Toward more inclusive AI

This study is part of a larger effort by Celi and his colleagues to create AI systems that are designed by and for the people who are ultimately going to be most impacted by these tools. Many AI models, such as MIMIC, are trained on publicly available data from the United States, which can lead to the introduction of biases toward a certain way of thinking about medical issues, and exclusion of others.

Bringing in more viewpoints is critical to overcoming these potential biases, says Celi, emphasizing that each member of the global consortium brings a distinct perspective to a broader, collective understanding.

Another problem with existing AI systems used for diagnostics is that they are usually trained on electronic health records, which weren’t originally intended for that purpose. This means that the data lack much of the context that would be useful in making diagnoses and treatment recommendations. Additionally, many patients never get included in those datasets because of lack of access, such as people who live in rural areas.

At data workshops hosted by MIT Critical Data, groups of data scientists, health care professionals, social scientists, patients, and others work together on designing new AI systems. Before beginning, everyone is prompted to think about whether the data they’re using captures all the drivers of whatever they aim to predict, ensuring they don’t inadvertently encode existing structural inequities into their models.
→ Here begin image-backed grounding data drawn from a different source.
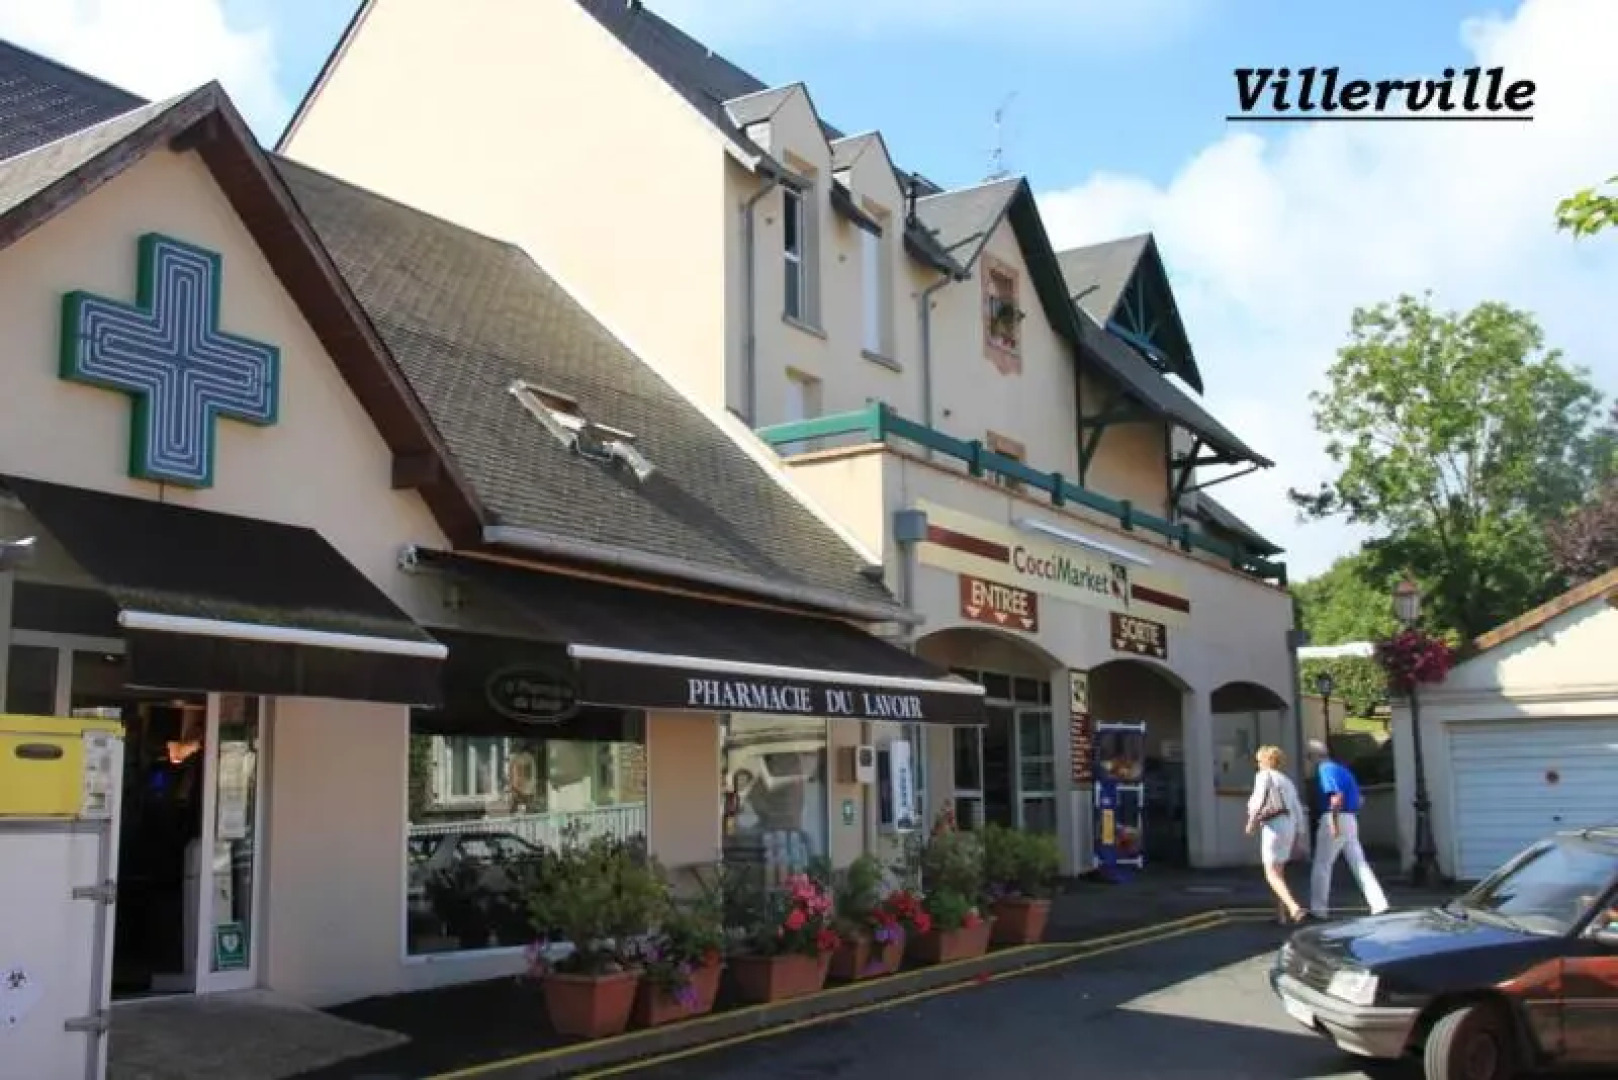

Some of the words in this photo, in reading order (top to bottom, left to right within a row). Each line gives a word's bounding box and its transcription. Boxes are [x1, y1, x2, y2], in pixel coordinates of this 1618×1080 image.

[1012, 546, 1109, 593] CocciMarket
[688, 679, 813, 712] PHARMACIE
[825, 689, 853, 714] DU
[863, 693, 923, 718] LAVOIR
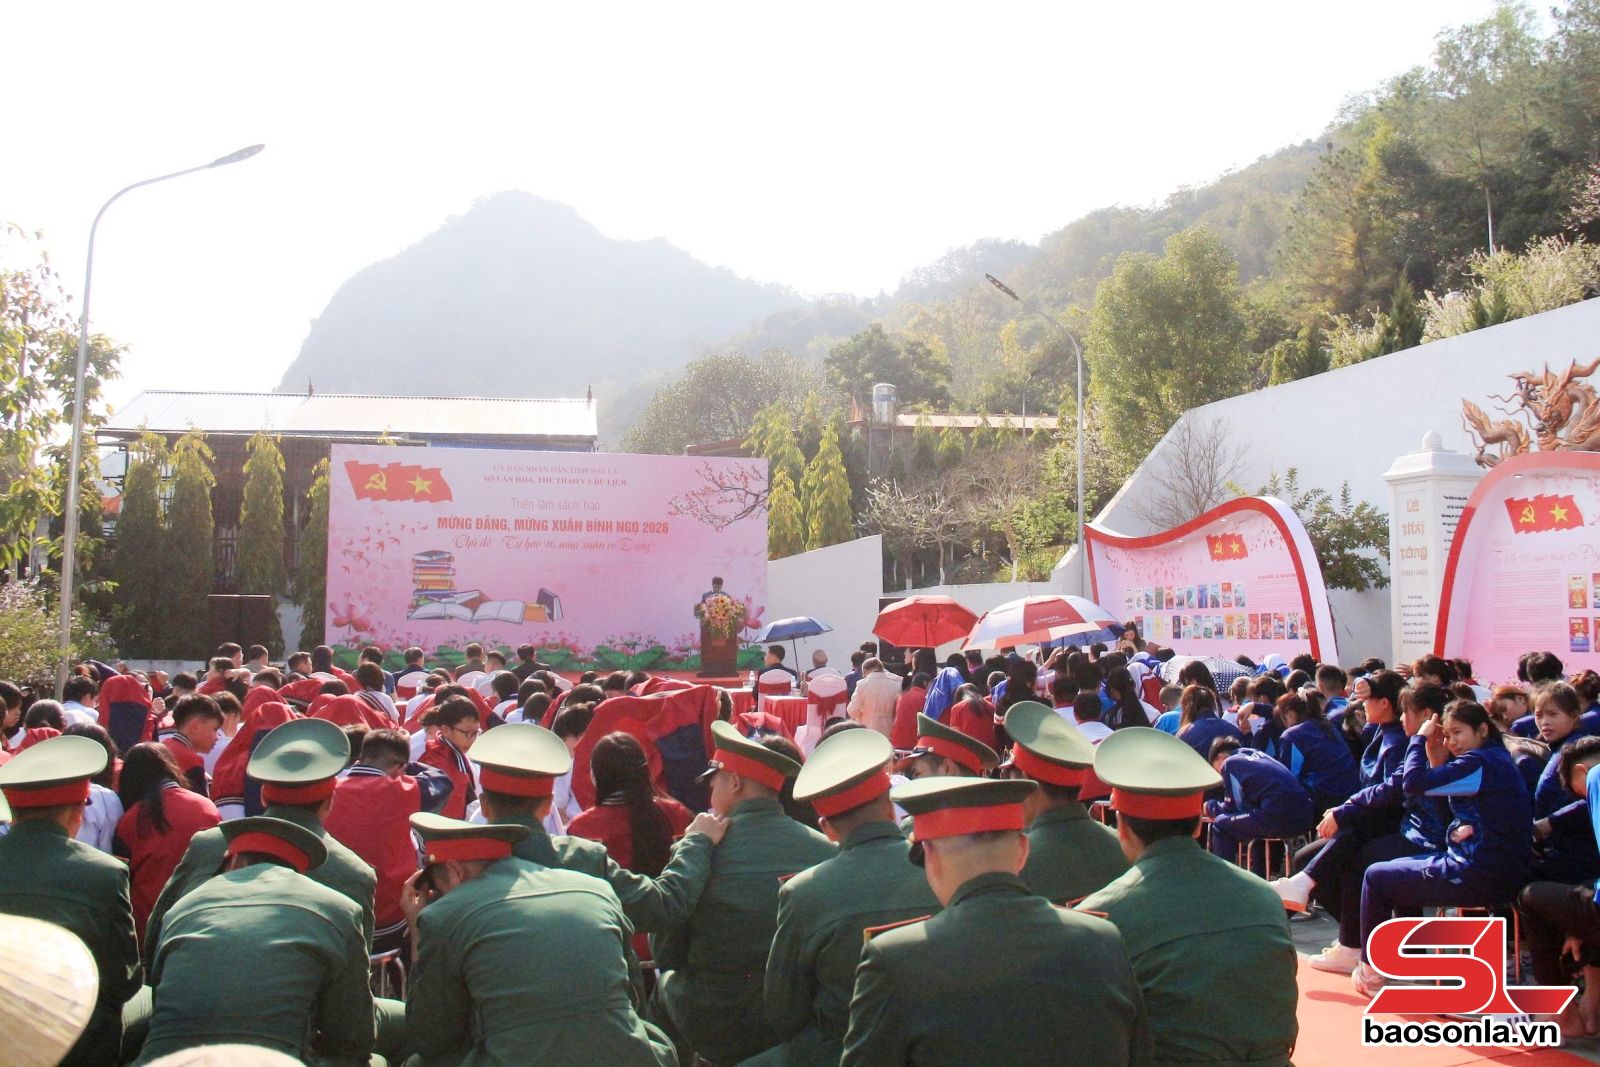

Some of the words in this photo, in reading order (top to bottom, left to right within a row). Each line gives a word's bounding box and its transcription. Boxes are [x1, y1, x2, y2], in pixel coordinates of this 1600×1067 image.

[437, 515, 473, 530] MỪNG
[475, 514, 511, 532] ĐẢNG,
[514, 516, 549, 532] MỪNG
[551, 518, 583, 533] XUÂN
[586, 518, 613, 533] BÍNH
[616, 521, 639, 536] NGỌ
[642, 521, 669, 534] 2026
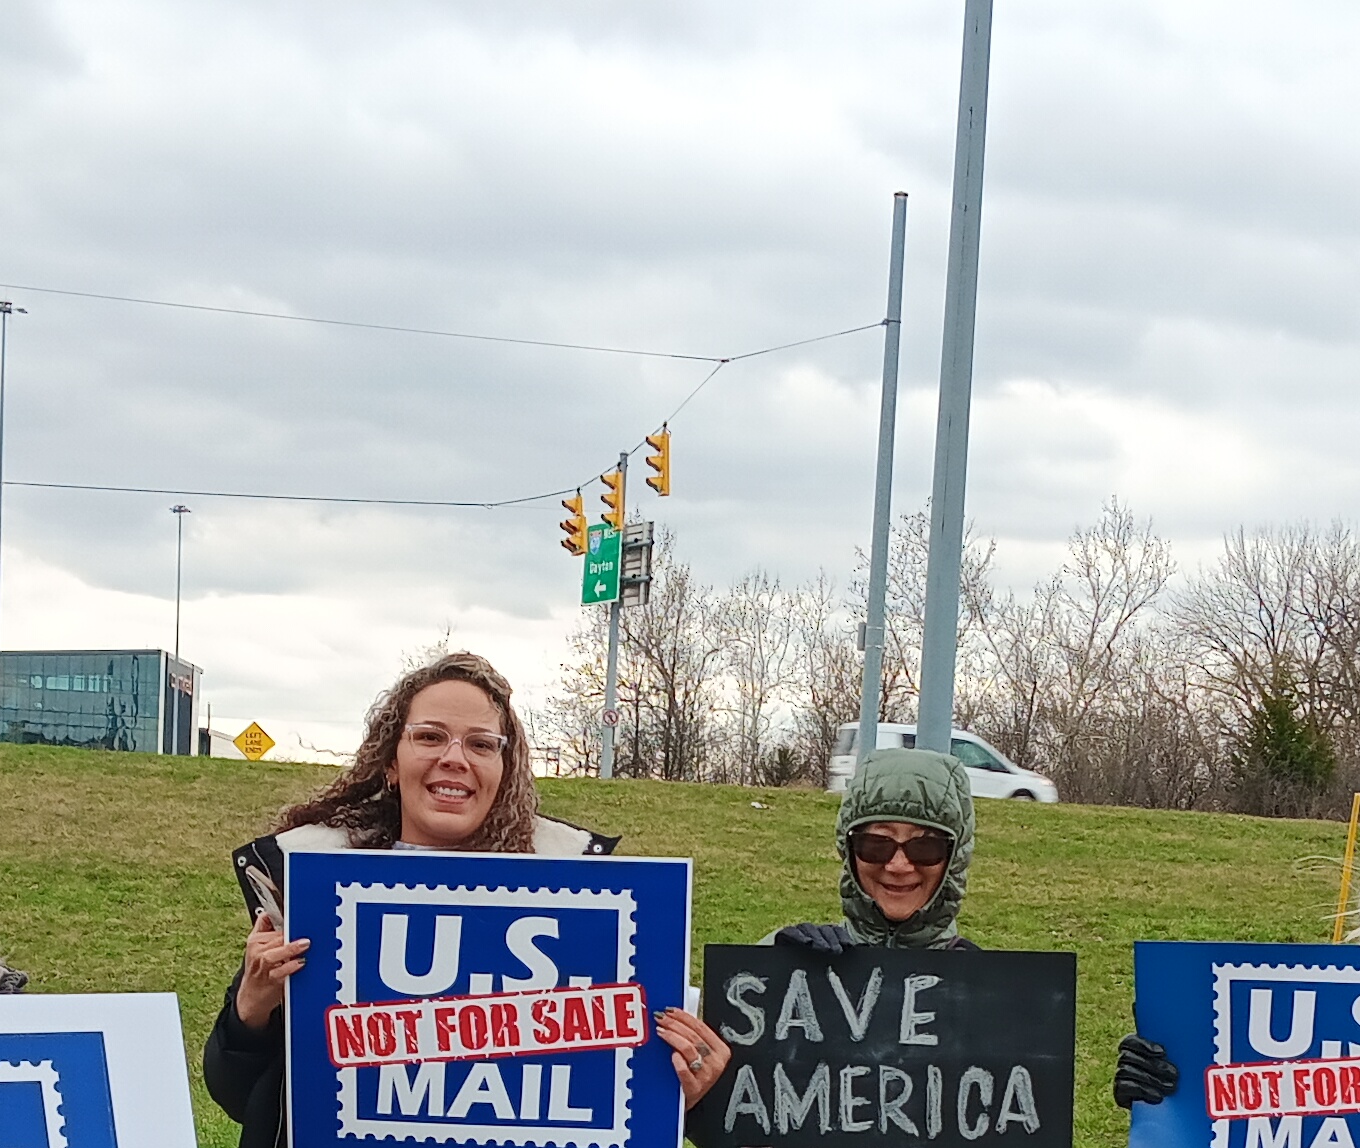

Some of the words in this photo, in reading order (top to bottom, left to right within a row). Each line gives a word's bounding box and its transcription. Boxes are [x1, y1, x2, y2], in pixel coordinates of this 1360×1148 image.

“We make them question the dataset. Are they confident about their training data and validation data? Do they think that there are patients that were excluded, unintentionally or intentionally, and how will that affect the model itself?” he says. “Of course, we cannot stop or even delay the development of AI, not just in health care, but in every sector. But, we must be more deliberate and thoughtful in how we do this.”

The research was funded by the Boston-Korea Innovative Research Project through the Korea Health Industry Development Institute.